Exercise: Your reply should hold only the lines from the one containing "this 1600×952 image." to the final line of the listing below, restated word for word.
BEGIN Extracted entries
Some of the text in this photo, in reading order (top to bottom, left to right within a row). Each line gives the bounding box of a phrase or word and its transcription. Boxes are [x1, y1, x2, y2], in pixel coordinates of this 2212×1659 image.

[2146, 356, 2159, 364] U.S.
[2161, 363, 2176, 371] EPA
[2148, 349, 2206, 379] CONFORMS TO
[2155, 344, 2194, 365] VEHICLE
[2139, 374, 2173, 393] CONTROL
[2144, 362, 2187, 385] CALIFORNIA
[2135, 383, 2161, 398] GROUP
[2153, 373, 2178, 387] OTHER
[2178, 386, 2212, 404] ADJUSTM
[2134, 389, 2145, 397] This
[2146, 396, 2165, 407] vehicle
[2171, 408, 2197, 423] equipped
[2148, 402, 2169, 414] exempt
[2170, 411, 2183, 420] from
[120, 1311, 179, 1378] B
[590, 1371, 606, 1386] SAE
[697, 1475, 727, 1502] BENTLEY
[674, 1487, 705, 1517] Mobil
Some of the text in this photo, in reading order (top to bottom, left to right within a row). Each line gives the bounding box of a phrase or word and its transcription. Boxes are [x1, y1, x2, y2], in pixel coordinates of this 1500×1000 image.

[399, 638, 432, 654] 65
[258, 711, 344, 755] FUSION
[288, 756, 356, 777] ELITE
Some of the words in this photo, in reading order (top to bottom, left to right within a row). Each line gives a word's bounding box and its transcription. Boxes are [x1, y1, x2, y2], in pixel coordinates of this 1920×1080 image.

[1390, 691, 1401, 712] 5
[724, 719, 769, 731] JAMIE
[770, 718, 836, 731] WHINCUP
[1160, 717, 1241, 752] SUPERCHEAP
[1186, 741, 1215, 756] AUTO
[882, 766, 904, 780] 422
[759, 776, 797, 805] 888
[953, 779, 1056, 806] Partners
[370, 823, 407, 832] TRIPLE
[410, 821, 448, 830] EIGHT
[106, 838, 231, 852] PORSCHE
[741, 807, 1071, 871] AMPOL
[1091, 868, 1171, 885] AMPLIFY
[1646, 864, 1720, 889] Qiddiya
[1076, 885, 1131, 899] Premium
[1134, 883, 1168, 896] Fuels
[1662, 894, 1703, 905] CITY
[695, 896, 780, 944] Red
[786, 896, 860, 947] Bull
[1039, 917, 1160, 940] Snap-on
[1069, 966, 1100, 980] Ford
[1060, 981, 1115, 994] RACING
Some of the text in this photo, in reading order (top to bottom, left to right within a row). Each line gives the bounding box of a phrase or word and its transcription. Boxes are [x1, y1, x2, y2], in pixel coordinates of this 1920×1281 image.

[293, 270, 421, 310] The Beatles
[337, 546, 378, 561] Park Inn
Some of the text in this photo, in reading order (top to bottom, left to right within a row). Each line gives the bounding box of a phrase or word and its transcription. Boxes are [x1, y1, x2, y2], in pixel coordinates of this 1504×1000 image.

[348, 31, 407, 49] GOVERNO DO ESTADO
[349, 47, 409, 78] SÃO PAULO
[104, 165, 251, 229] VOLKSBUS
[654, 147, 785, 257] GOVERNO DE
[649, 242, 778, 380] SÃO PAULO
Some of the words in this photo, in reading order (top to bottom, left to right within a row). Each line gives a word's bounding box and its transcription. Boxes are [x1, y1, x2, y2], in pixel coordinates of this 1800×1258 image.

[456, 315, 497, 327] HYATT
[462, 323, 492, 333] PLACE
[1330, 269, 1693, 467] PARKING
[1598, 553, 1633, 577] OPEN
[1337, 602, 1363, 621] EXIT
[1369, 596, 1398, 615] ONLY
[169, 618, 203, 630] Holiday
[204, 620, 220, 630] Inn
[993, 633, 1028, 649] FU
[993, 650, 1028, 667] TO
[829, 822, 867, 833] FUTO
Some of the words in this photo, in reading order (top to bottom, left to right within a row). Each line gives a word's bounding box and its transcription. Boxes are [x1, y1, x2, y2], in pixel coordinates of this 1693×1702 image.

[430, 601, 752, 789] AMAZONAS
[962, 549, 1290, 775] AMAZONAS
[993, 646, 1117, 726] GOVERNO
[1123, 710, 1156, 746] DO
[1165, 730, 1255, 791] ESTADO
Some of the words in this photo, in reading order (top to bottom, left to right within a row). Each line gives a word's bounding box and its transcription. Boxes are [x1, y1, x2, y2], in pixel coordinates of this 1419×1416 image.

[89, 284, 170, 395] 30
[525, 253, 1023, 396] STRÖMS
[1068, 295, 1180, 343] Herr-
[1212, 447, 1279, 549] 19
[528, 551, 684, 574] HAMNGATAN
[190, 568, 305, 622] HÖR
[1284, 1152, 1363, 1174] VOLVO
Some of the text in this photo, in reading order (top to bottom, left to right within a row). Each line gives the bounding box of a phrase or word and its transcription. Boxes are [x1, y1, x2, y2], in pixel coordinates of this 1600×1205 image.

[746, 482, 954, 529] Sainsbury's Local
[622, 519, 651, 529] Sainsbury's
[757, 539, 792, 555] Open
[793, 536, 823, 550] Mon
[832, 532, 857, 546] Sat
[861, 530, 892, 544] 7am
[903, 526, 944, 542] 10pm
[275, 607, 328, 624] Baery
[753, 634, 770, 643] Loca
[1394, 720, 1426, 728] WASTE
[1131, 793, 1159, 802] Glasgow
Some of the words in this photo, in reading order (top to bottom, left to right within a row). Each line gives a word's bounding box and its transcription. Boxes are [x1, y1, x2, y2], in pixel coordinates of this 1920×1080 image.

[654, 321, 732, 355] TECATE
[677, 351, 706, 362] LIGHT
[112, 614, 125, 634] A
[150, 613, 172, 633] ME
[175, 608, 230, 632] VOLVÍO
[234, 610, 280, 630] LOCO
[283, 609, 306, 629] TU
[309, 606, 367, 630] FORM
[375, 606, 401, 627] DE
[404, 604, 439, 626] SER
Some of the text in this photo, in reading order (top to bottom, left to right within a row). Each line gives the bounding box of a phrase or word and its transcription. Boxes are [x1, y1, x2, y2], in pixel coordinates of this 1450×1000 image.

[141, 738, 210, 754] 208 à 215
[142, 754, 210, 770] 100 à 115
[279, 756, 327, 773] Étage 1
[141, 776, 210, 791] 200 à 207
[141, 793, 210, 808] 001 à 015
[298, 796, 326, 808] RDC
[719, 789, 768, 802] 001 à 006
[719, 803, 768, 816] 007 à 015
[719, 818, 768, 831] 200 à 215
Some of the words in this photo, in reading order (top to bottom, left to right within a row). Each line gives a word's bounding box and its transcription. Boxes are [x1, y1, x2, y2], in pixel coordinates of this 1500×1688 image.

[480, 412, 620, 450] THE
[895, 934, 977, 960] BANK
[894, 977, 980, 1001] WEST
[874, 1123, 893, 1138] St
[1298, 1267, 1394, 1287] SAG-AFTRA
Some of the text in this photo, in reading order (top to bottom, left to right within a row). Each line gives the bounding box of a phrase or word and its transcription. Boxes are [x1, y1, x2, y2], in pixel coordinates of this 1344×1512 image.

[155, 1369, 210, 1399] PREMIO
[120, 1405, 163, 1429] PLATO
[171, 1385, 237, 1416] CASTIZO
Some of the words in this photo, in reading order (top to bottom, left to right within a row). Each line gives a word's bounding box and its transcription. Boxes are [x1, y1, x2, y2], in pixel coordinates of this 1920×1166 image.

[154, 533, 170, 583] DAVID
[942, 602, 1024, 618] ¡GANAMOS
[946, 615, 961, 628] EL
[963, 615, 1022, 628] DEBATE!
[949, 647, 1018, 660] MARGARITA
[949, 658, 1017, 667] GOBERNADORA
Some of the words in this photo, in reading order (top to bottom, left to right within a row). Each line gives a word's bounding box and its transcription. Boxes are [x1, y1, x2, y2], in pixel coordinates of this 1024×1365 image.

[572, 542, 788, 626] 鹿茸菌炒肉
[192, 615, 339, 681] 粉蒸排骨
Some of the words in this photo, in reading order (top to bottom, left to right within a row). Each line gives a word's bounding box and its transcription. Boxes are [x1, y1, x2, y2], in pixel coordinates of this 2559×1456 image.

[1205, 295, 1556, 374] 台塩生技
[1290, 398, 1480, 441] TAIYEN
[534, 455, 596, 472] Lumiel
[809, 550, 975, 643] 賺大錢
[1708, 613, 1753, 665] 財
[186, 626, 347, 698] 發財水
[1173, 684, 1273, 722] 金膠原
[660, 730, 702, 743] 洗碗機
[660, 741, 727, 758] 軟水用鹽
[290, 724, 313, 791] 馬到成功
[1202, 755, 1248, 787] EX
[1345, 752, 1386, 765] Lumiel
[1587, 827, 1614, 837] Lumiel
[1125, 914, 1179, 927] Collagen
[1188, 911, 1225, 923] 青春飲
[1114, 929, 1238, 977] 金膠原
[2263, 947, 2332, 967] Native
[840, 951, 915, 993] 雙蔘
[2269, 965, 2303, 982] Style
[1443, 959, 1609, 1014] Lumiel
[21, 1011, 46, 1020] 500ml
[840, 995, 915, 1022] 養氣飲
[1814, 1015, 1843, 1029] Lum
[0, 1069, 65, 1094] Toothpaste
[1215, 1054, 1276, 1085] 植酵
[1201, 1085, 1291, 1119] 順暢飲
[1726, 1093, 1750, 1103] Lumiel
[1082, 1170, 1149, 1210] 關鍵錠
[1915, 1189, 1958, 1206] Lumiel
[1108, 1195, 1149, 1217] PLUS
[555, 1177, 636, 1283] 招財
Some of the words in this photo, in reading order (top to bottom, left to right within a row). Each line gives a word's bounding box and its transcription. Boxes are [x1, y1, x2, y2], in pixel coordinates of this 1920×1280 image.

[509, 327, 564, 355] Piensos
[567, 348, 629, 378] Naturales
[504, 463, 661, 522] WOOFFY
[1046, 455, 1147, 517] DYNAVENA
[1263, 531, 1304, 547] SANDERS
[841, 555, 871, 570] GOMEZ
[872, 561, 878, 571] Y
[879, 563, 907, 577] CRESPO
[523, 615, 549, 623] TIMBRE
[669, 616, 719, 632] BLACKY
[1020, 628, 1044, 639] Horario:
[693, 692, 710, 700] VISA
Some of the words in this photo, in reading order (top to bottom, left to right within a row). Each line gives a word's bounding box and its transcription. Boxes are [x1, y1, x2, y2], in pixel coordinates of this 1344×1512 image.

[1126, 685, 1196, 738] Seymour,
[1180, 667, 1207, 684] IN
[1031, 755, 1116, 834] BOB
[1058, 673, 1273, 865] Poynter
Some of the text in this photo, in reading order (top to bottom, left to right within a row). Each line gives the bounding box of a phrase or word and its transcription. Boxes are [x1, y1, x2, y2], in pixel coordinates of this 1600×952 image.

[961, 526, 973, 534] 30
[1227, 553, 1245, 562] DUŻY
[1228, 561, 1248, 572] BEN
END Extracted entries
Response:
Some of the text in this photo, in reading order (top to bottom, left to right within a row). Each line gives the bounding box of a phrase or word and its transcription. Boxes are [x1, y1, x2, y2], in pixel coordinates of this 1600×952 image.

[961, 526, 973, 534] 30
[1227, 553, 1245, 562] DUŻY
[1228, 561, 1248, 572] BEN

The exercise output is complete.